Private browsing modes – such as Incognito (in Google Chrome) or InPrivate (IE 8) clear out locally stored browser cookies (snippets of tracking data) each time they are run, and do not share cookies with the main (non-private) browser tabs.
Since these cookies are the core mechanism by which web sites associate independent browser tabs/windows with a single user session, the private browsing modes can be used to interact with multiple different logons or accounts at the same time.
How does this work in practice?
Let’s say you want to interact with two totally different accounts (logons) at, say, Gmail, Yahoo, eBay, Orbitz, or some other site. You’ve probably noticed that if you are logged in to, e.g., Yahoo with one browser tab, and you open another window or tab in the same browser, and go to Yahoo, it will “know” who you are and allow you to interact with the same account.
In many cases, this is a desired behavior. But if you want to work with two different Yahoo accounts at the same time, it is quite tricky.
Here’s where the private browsing mode comes in.

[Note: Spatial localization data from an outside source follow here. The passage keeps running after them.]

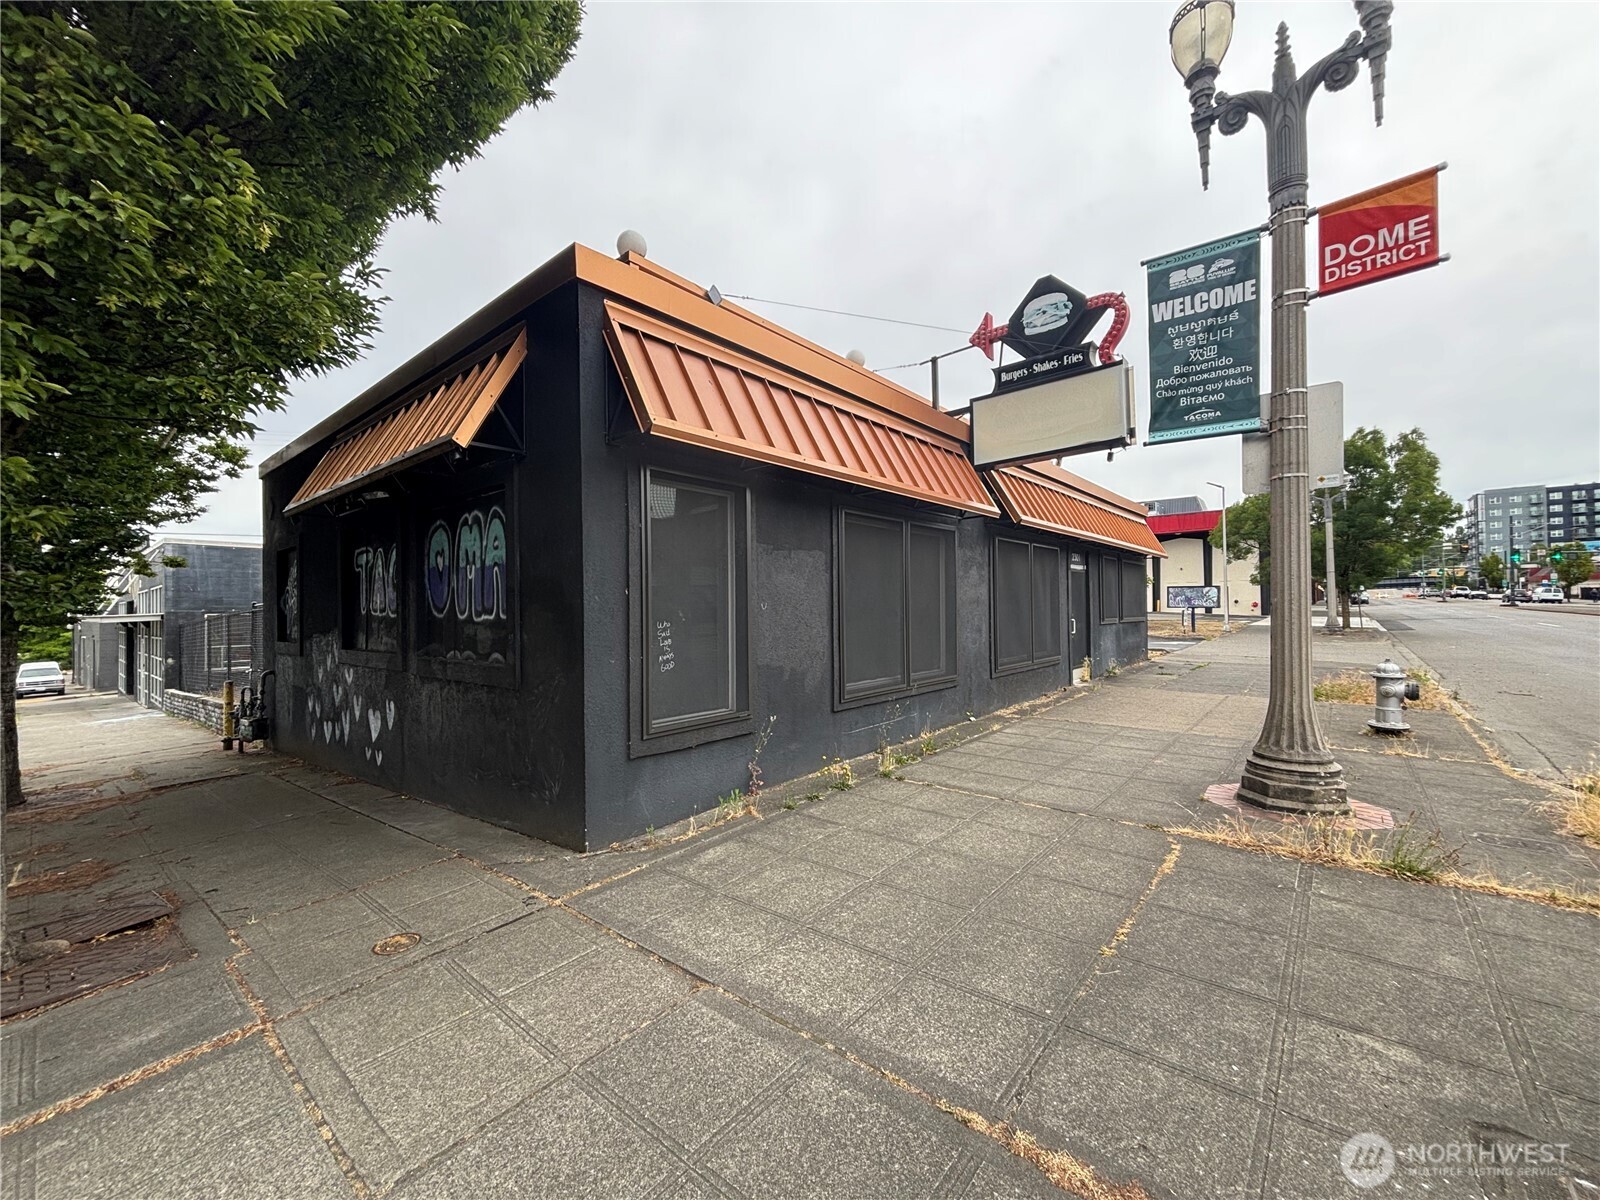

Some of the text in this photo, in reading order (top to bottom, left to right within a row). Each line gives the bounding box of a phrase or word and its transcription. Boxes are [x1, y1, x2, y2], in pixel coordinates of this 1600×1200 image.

[1324, 214, 1431, 267] DOME
[1324, 239, 1431, 283] DISTRICT
[1152, 279, 1257, 323] WELCOME
[1173, 327, 1234, 349] 환영합니다
[1189, 345, 1218, 361] 欢迎
[1001, 352, 1084, 382] Burgers Shakes Fries
[1156, 365, 1253, 389] Добро пожаловать
[1173, 356, 1233, 375] Bienvenido
[1156, 389, 1177, 398] Chào
[1205, 380, 1223, 392] quý
[1225, 375, 1253, 388] khách
[1184, 411, 1221, 421] TACOMA

Open a private browsing window/tab, and log on to Yahoo with the second account. Since the private tab doesn’t share cookies with the main tab, you now have two interactive sessions with the two different accounts, and they “stay separate.”

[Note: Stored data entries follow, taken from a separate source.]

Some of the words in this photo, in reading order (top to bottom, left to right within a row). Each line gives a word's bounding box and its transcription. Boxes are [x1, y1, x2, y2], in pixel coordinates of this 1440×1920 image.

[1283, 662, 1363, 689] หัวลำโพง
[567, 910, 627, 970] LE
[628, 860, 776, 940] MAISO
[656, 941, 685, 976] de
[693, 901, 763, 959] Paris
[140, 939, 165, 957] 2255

There are three catches though:
First, since the private browsing tabs are designed to discard cookies on shutdown, they will “forget” your logon when you close the browser even if you select “stay logged in” on a specific web site.
Second, it is possible (though unlikely) that this mechanism could fail if the site uses “Flash cookies” apart from regular cookies.
Third, while this trick works perfectly well, do not assume that the service you are connected to has no idea what you are doing. They probably don’t care. But if they do care, assume that they could guess that the same user was on both sessions (through IP addresses, NAT port assignment patterns, etc.) at the same time.